The Bears’ reluctance to have Nagy’s bosses shoot down the report quickly Tuesday, though, set the stage for a bizarre 72 hours.

Nagy laid out what he said was the truth Friday. Unprompted, he shot down recent reports of Bears’ dysfunction. He claimed a Shaw Media report that chairman George McCaskey forced Nagy to keep Justin Fields as his starting quarterback “couldn’t be … furthest from the truth.”

Refuting a Tribune report that players found Nagy canceling late Tuesday afternoon meetings to be bewildering — given the coach had talked to his superiors earlier that day — Nagy blamed a scheduling error. The Bears’ schedule mistakenly said there was a meeting, Nagy said, and he told his players there was not.

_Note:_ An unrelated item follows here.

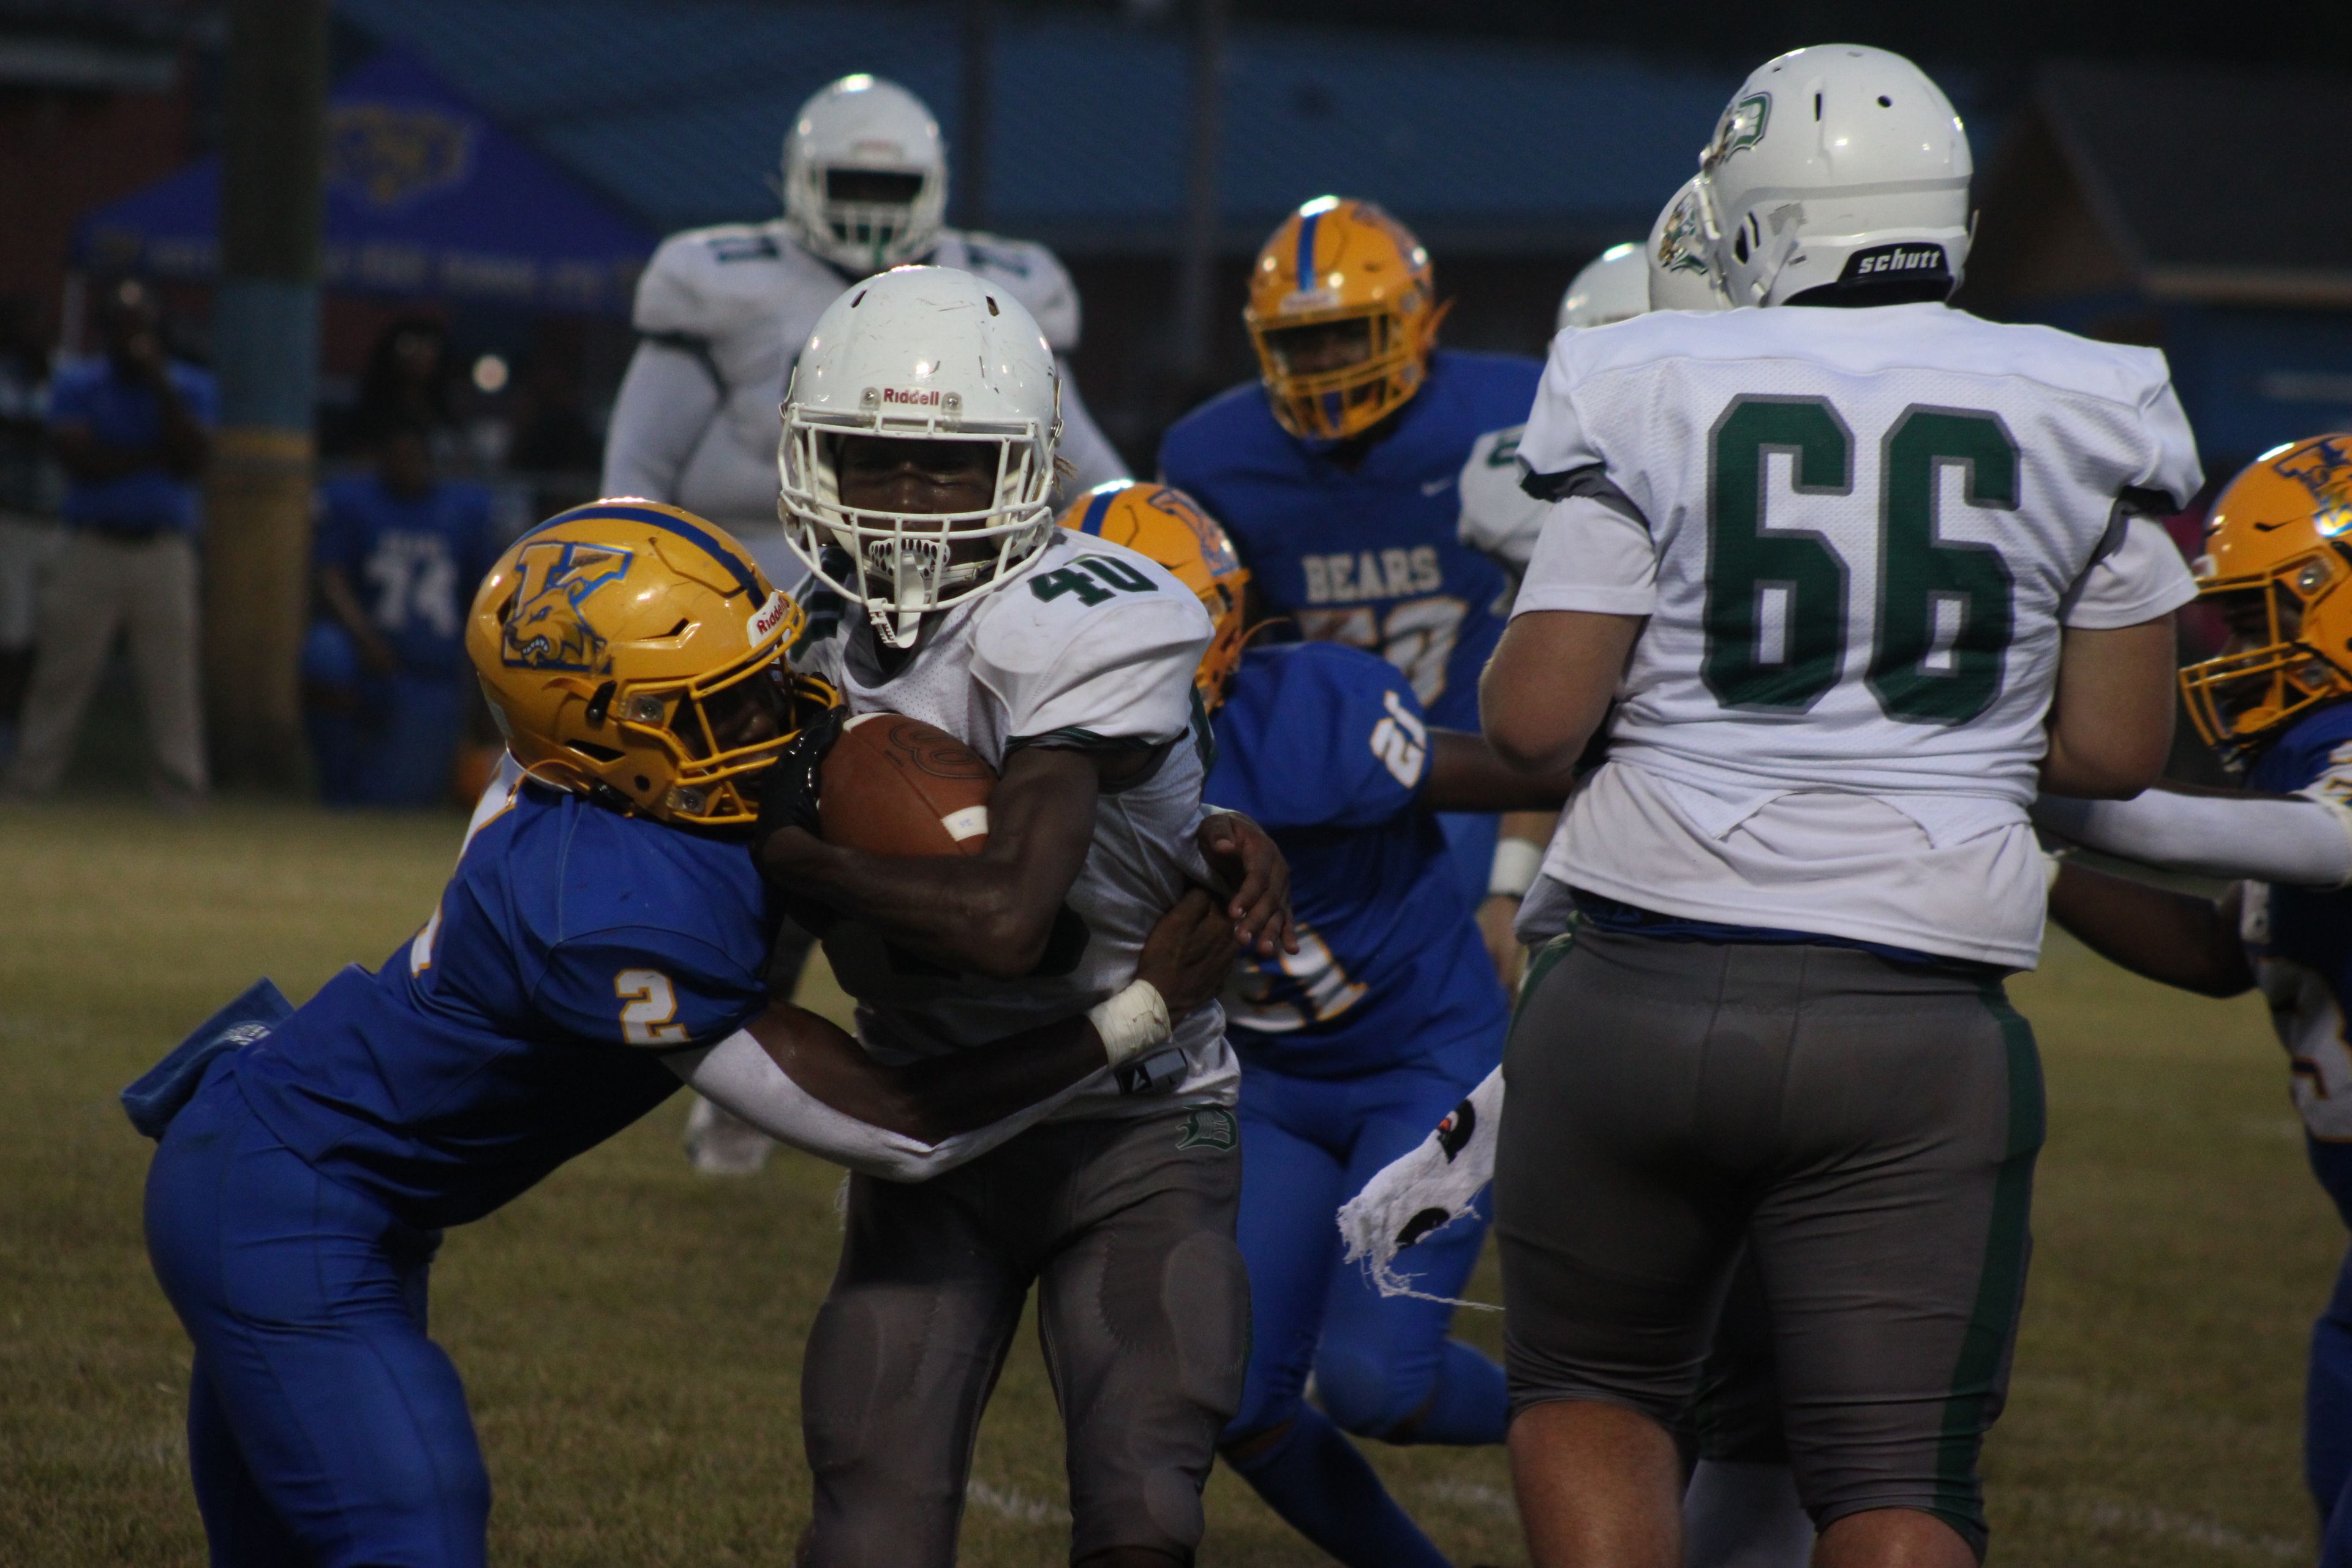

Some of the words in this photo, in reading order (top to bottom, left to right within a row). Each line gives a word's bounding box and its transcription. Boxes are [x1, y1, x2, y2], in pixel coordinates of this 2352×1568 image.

He called it “almost comical” to believe the schedule change was “because I’m getting fired.”

However, confusion and doubt among some players Tuesday afternoon and later in the week was — as Nagy would say — real. And preventable.

“A lot in your head after going right from Sunday to Monday, Tuesday, Wednesday, then playing Thursday,” tight end Cole Kmet said after beating the Lions. “There’s a lot in your head. You don’t know what’s true and what’s not. That was difficult for me. You don’t know what’s going on. …

An Arlington Heights native, said he had to turn off his phone this week because his friends wanted to ask him about the rumors.

“It was pretty chaotic,” he said.

They’ll probably ask again.

The Bears have never fired a head coach during the season. For the first time, they have motivation — a new NFL rule allows teams to interview assistant coaches for head coaching jobs over the last two weeks of the season. The value of that disappears, though, if the Bears also decide to replace general manager Ryan Pace.

If upcoming games against the first-place Cardinals and Packers go as expected, perhaps McCaskey would consider firing Nagy after the rivalry game, given the Bears would then have eight days to prepare for a Monday contest against the Vikings. The next two opportunities to make a move would fall four days before Christmas or two days after it — a tough sell for a franchise rooted in family. After that, the Bears have only two games to go, with the window to talk to assistants already open.

Nagy can take a deep breath this weekend, though. He’s still here — with questions about his future standing right beside him.

“The personal side of it, for me, was yeah, it was a different 24-48 hours,” he said. “But the emotional side for me was in that locker room celebrating with the team, because they showed me how much they cared. And told me. And it was just pretty neat.”